Womens Health

Conception With Diabetes

In the past, doctors use to advise women who had diabetes not to get pregnant - it was simply too dangerous. Fortunately, this is absolutely no longer the case. Many diabetic women now have normal pregnancies and healthy babies, providing they coordinate well with their medical specialists and take care to manage their condition. If you are diabetic and hoping to get pregnant, you should take steps to promote a health pregnancy, even before conception takes place.

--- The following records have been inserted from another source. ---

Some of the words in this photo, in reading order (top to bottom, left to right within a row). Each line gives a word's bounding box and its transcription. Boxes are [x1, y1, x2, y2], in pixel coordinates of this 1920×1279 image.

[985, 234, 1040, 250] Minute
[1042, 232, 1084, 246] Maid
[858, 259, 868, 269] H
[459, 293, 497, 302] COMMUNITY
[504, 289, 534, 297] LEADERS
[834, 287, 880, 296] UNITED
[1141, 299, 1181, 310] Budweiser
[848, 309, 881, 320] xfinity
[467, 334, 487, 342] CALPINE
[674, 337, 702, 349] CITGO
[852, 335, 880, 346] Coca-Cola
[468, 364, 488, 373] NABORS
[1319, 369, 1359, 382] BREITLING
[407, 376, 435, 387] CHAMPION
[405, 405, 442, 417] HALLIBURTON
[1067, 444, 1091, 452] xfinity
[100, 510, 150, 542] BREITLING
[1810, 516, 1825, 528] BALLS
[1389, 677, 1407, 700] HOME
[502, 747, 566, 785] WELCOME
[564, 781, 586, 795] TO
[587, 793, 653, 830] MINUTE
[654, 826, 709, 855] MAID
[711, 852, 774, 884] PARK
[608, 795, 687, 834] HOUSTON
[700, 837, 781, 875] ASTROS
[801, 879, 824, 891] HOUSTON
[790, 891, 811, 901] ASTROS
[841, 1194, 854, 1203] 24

Risks Of Uncontrolled Diabetes

Although having diabetes is certainly no longer a reason to put off getting pregnant, it's important to emphasize that poorly controlled blood sugar (glucose) levels before and during pregnancy can cause serious health complications for both mother and baby. Here are some of the risks involved:

- A higher chance of miscarriage or premature birth.

- A higher chance of birth defects in the baby (this is caused by poorly controlled levels of glucose and keytones - both of which are common in untreated diabetes sufferers. During the first few weeks of pregnancy, the baby's organs are forming. If during this period the mother's glucose levels are either too high or too low, the baby's organs can be damaged. That's why it's important that a mother's glucose levels are well-managed before she even gets pregnant).

- The possibility of having a very large baby (overfed on glucose passing through the placenta), which makes labor and delivery tough on both mother and baby.

- A risk of hypoglycemia and/or jaundice in the baby after birth, and a risk of eye sight problems in the mother.

These are just some of the reasons why diabetic women need to consult their health care providers before getting pregnant. In fact, the American Diabetes Association recommends that diabetic women coordinate with their doctors to have their blood glucose levels well under control for between three and six months before conception.

Pre-Conception Consultation

Pre-conception consultations with medical specialists are now increasingly recommended for all women, not just women with diabetes. But if you're diabetic and you want to have a baby, this stage of the getting pregnant process is especially important. As a diabetic, you should be in regular contact with an endocrinologist or diabetes specialist who monitors your condition and tells you what type of medication to take, and how often, etc. You now need to get in touch with this doctor and discuss your plans for pregnancy. If you haven't been seeing a medical professional about your diabetes, then this is a great opportunity to get back in contact.

Additional Medical Advice

Your diabetes specialist will be able to give you the advice you need about controlling your diabetes through medication, diet and exercise, but he will also refer you to a high risk obstetrician, who is experienced in monitoring diabetic pregnancies. You may also be told to see a dietician, especially if you are overweight.

You'll be told to eat healthily, if you aren't already (lots of fruit and vegetables) and do aerobic exercise for around 30 minutes a day (if it's safe for you to do so). If you need to lose weight before getting pregnant or if you haven't exercised in a while, you'll probably be told to build up your exercise routine slowly.

Timed Intercourse

Even before you and your doctors think you're ready to conceive, you can begin tracking your menstrual cycle to determine at which stage of the month you are ovulating and most likely to get pregnant. Then, when the time comes, you can begin having unprotected sex. Doctors say that having sex three times a week makes it most likely that your partner's sperm will fertilize an egg during ovulation.